(EXERCISE DATA Opens)

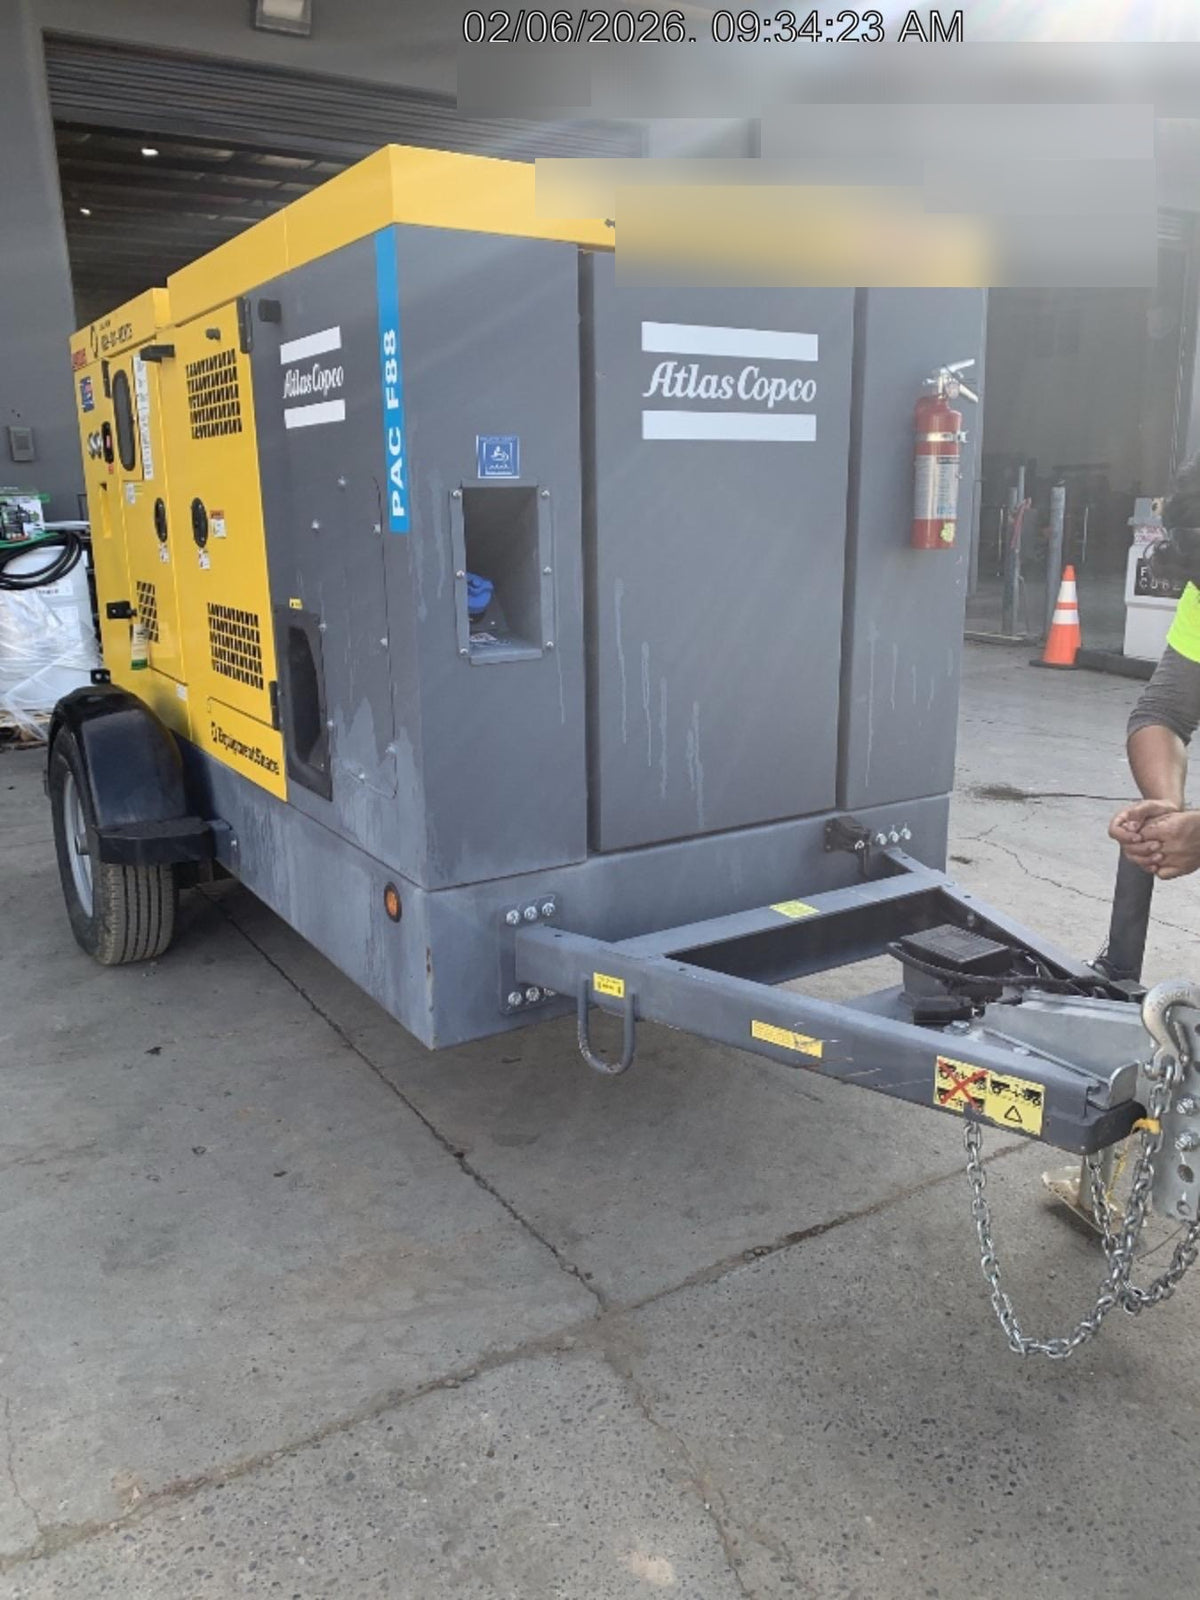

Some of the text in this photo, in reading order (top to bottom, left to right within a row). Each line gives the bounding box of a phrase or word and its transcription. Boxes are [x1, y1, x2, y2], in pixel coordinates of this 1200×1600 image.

[282, 363, 344, 399] Atlas Copco
[641, 360, 817, 409] Atlas Copco
[383, 328, 406, 518] PAC F88
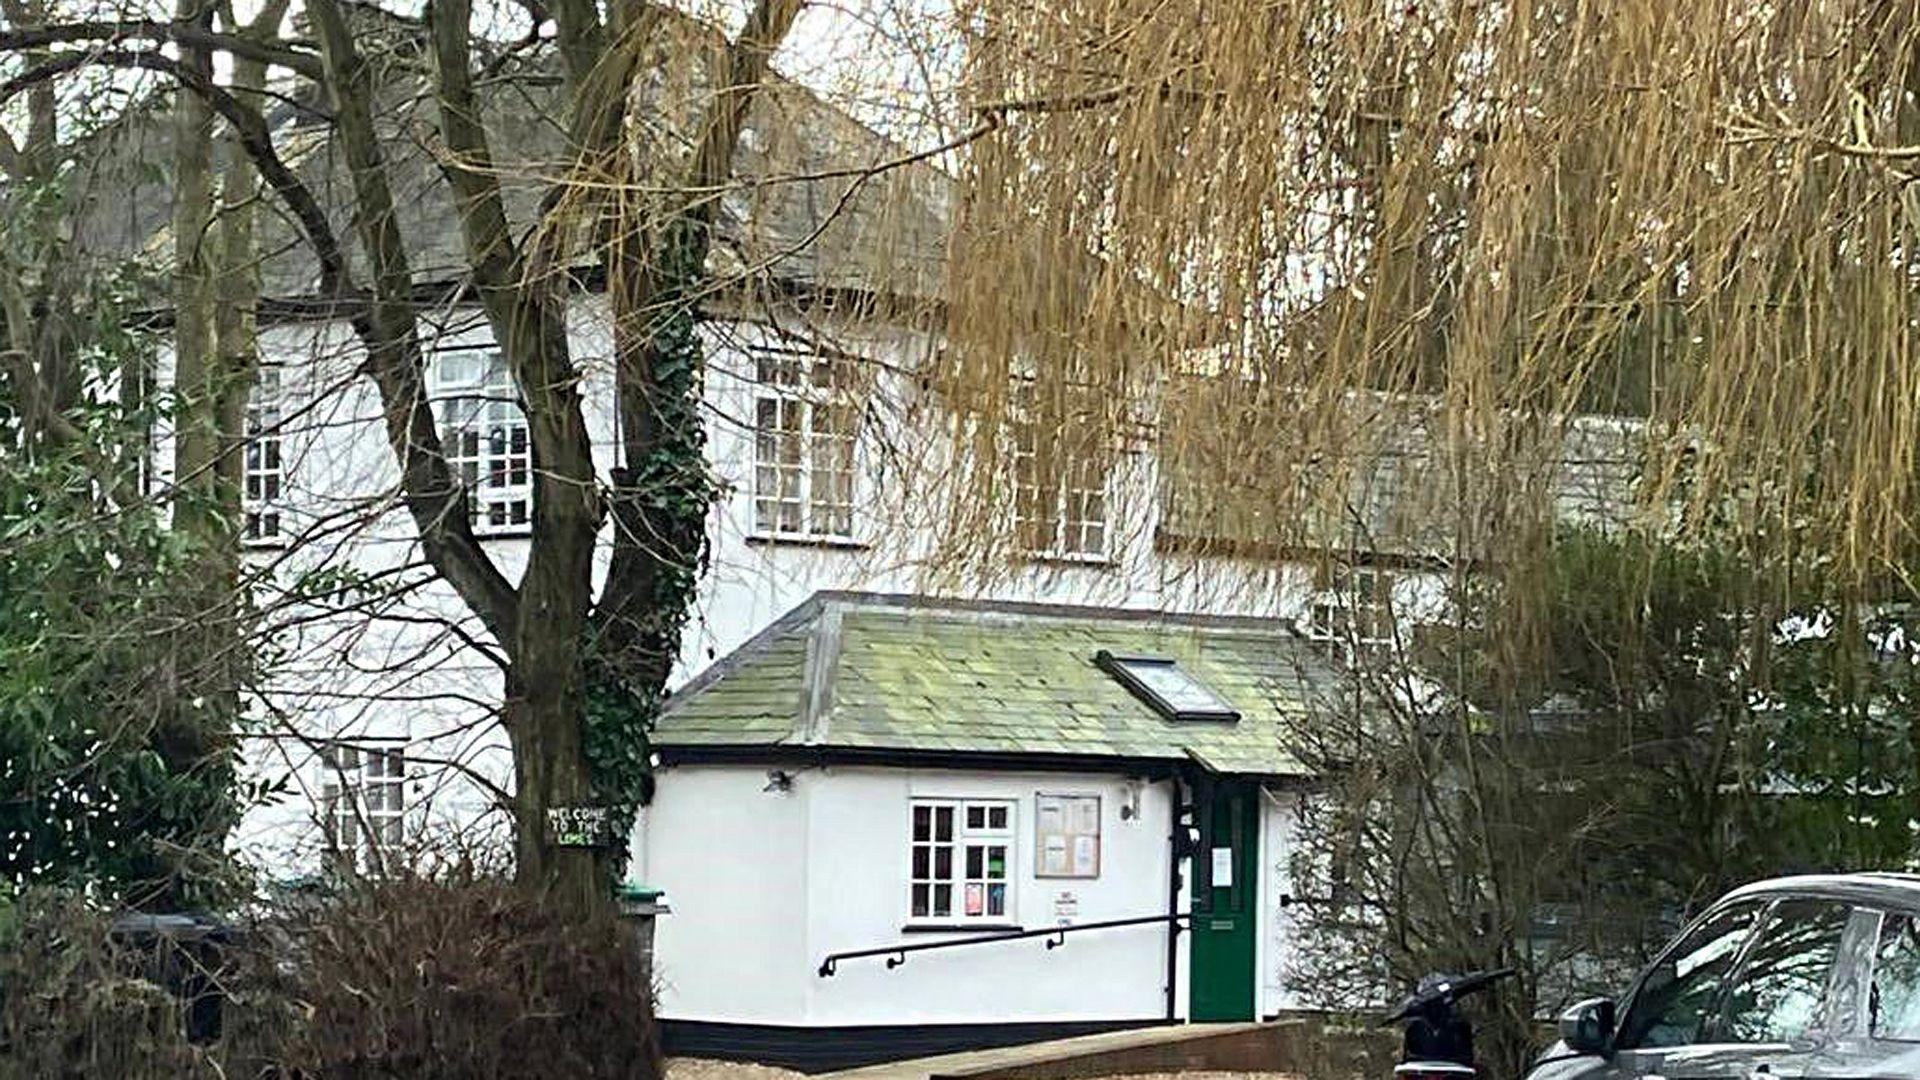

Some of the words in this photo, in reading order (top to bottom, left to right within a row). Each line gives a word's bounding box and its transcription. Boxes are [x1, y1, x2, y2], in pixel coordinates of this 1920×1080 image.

[547, 807, 607, 821] WELCOME
[551, 820, 569, 833] TO
[577, 820, 601, 834] THE
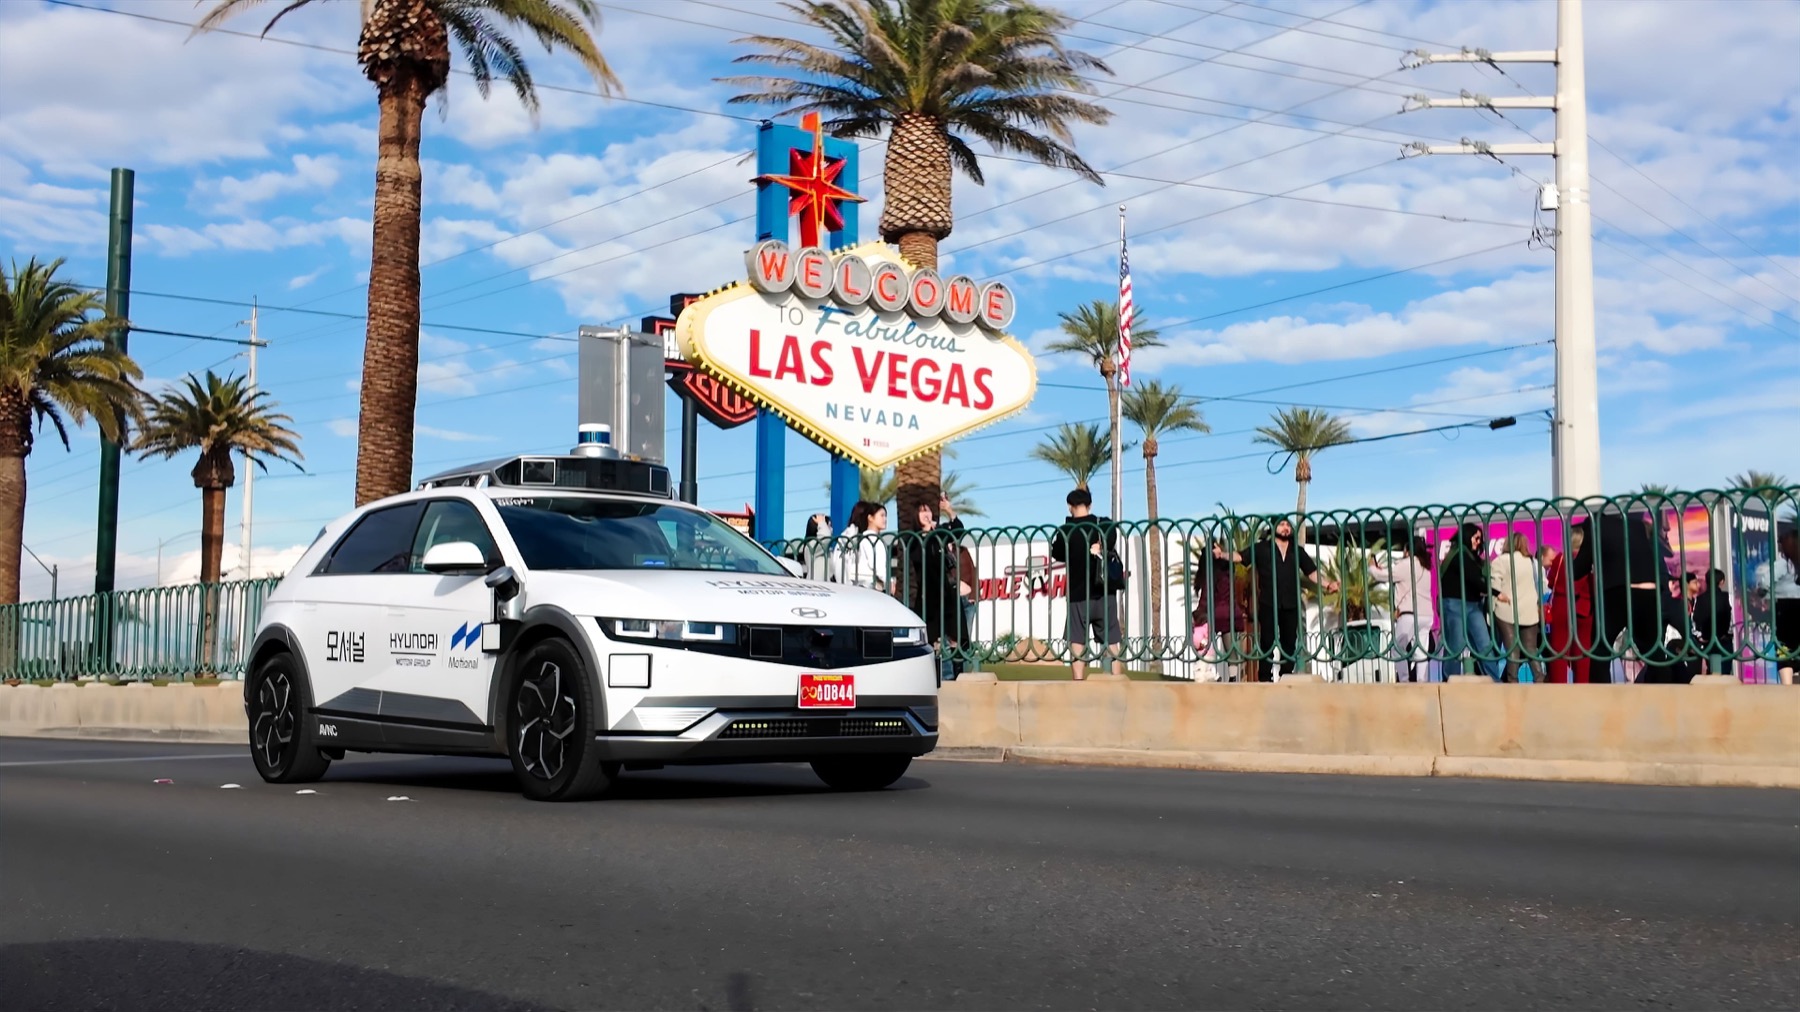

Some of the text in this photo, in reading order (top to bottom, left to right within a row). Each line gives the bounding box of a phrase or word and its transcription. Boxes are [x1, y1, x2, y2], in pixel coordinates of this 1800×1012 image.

(EXERCISE DATA Closes)

◆ **WHAT THIS TASK INVOLVES**
The data above is to be printed exactly, all of it, except for the pictures.

◆ **COMPLETED EXERCISE**
Some of the text in this photo, in reading order (top to bottom, left to right within a row). Each line gives the bounding box of a phrase or word and its transcription. Boxes are [x1, y1, x2, y2], in pixel coordinates of this 1200×1600 image.

[282, 363, 344, 399] Atlas Copco
[641, 360, 817, 409] Atlas Copco
[383, 328, 406, 518] PAC F88

Some of the words in this photo, in reading order (top to bottom, left to right within a row). Each line gives a word's bounding box and its transcription. Boxes are [x1, y1, x2, y2], in pixel coordinates of this 1920×1080 image.

[547, 807, 607, 821] WELCOME
[551, 820, 569, 833] TO
[577, 820, 601, 834] THE

Some of the text in this photo, in reading order (top to bottom, left to right within a row). Each line gives the bounding box of a phrase or word and its transcription. Boxes are [x1, y1, x2, y2], in pixel coordinates of this 1800×1012 image.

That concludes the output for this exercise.